**Exercise directions**
From the first line below to the last, reproduce the material exactly and leave out the images.

**Supplied records**
↓↓↓

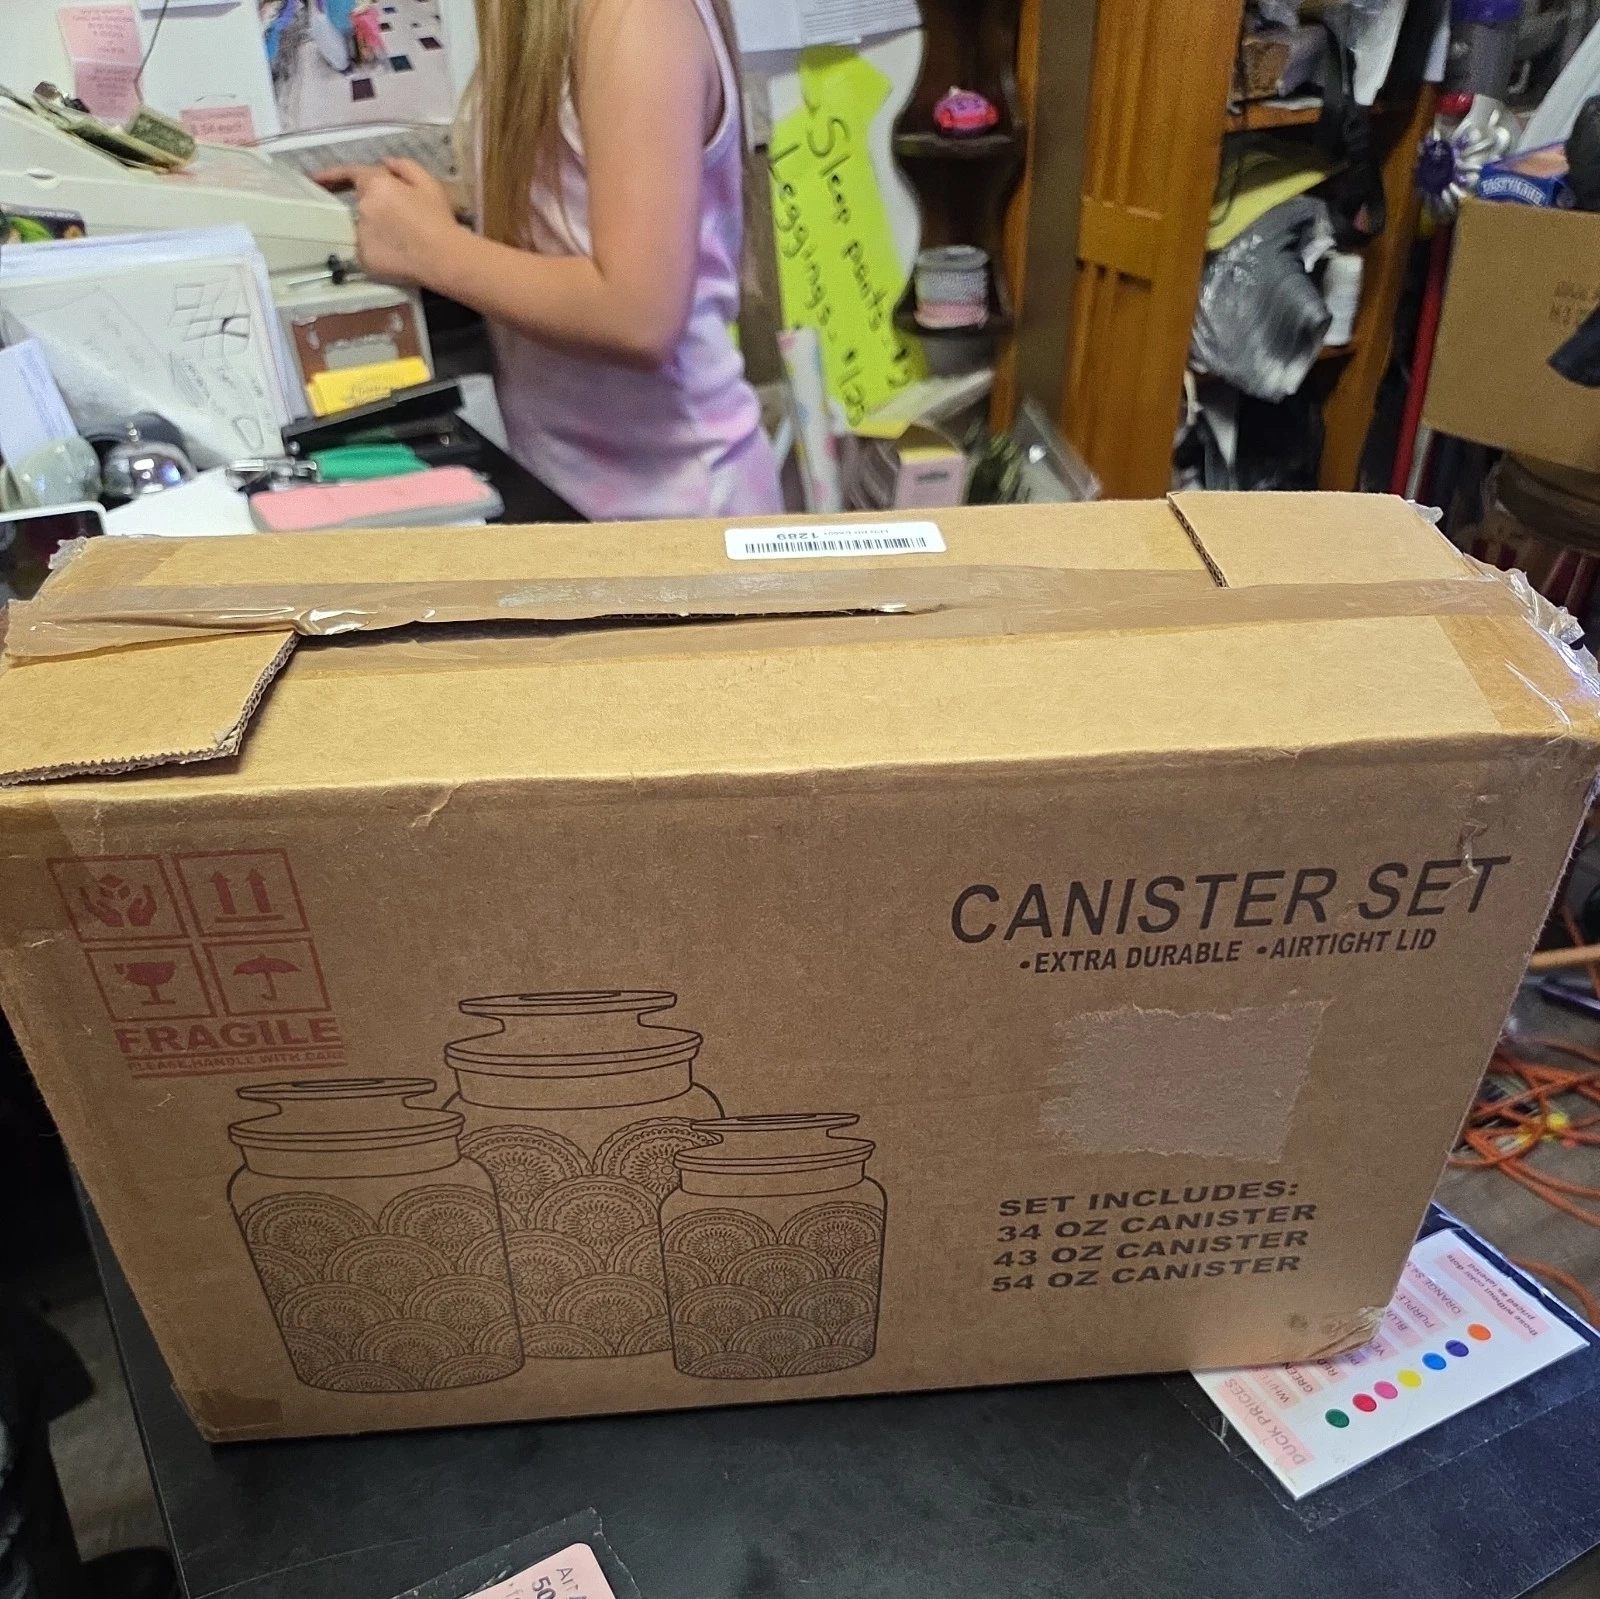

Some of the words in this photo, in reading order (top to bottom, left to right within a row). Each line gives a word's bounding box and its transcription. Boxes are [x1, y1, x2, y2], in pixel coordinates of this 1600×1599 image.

[841, 239, 889, 332] pants
[776, 532, 820, 541] 1289
[951, 868, 1336, 943] CANISTER
[1358, 855, 1511, 920] SET
[1125, 940, 1243, 969] DURABLE
[1396, 926, 1437, 951] LID
[114, 1017, 342, 1053] FRAGILE
[191, 1055, 253, 1069] HANDLE
[259, 1052, 301, 1064] WITH
[998, 1195, 1076, 1217] SET
[1088, 1180, 1299, 1211] INCLUDES:
[996, 1223, 1042, 1243] 34
[1055, 1218, 1109, 1238] OZ
[1120, 1203, 1317, 1234] CANISTER
[992, 1249, 1038, 1268] 43
[1051, 1245, 1104, 1264] OZ
[1115, 1229, 1310, 1260] CANISTER
[991, 1274, 1035, 1293] 54
[1047, 1269, 1100, 1289] OZ
[1111, 1255, 1301, 1284] CANISTER
[1397, 1293, 1435, 1329] PURPLE
[1425, 1278, 1461, 1315] ORANGE
[1483, 1287, 1514, 1315] without
[1514, 1314, 1538, 1337] those
[1281, 1361, 1314, 1394] GREEN
[1224, 1378, 1272, 1426] PRICES
[1269, 1425, 1306, 1466] DUCK
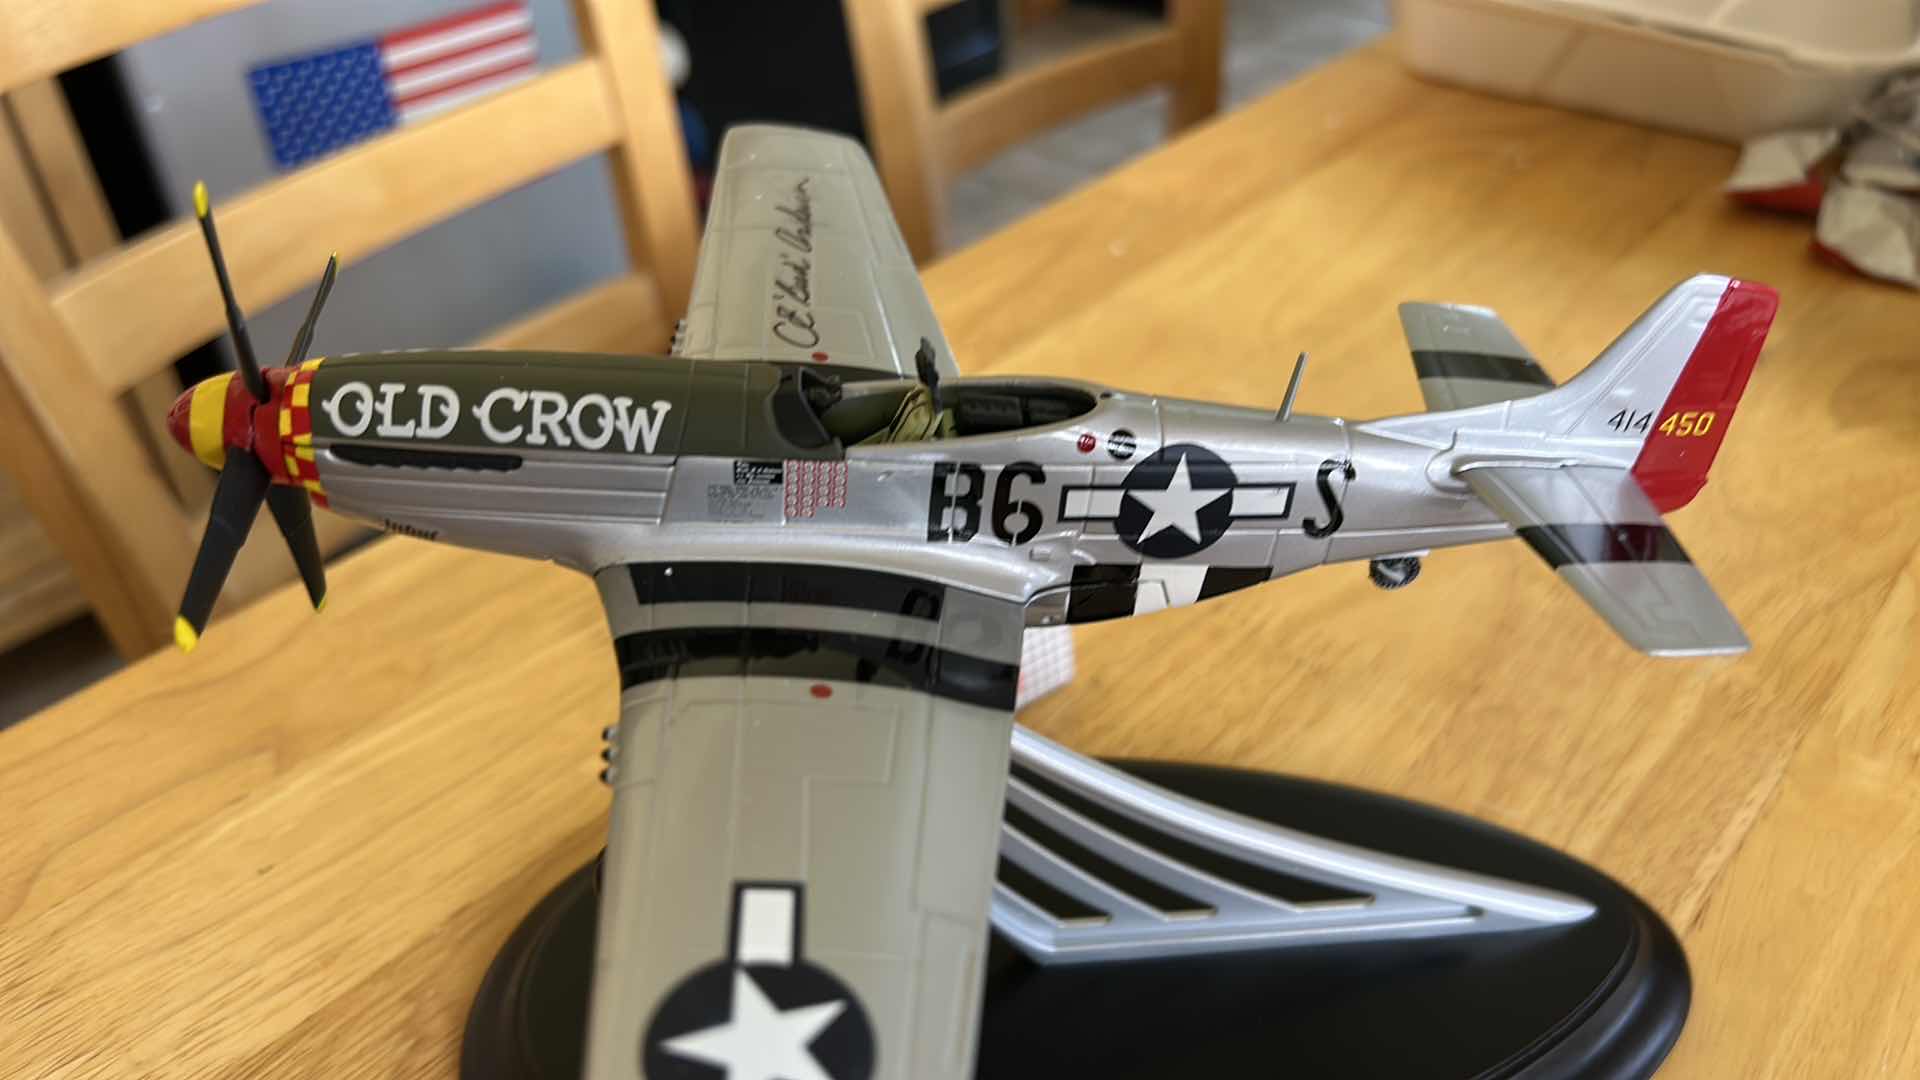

↑↑↑

**Response for this exercise**
Some of the words in this photo, in reading order (top to bottom, left to right within a row). Each line gives a word's bounding box and its transcription. Boxes are [x1, y1, x2, y2], in pixel coordinates of this 1600×1599 image.

[841, 239, 889, 332] pants
[776, 532, 820, 541] 1289
[951, 868, 1336, 943] CANISTER
[1358, 855, 1511, 920] SET
[1125, 940, 1243, 969] DURABLE
[1396, 926, 1437, 951] LID
[114, 1017, 342, 1053] FRAGILE
[191, 1055, 253, 1069] HANDLE
[259, 1052, 301, 1064] WITH
[998, 1195, 1076, 1217] SET
[1088, 1180, 1299, 1211] INCLUDES:
[996, 1223, 1042, 1243] 34
[1055, 1218, 1109, 1238] OZ
[1120, 1203, 1317, 1234] CANISTER
[992, 1249, 1038, 1268] 43
[1051, 1245, 1104, 1264] OZ
[1115, 1229, 1310, 1260] CANISTER
[991, 1274, 1035, 1293] 54
[1047, 1269, 1100, 1289] OZ
[1111, 1255, 1301, 1284] CANISTER
[1397, 1293, 1435, 1329] PURPLE
[1425, 1278, 1461, 1315] ORANGE
[1483, 1287, 1514, 1315] without
[1514, 1314, 1538, 1337] those
[1281, 1361, 1314, 1394] GREEN
[1224, 1378, 1272, 1426] PRICES
[1269, 1425, 1306, 1466] DUCK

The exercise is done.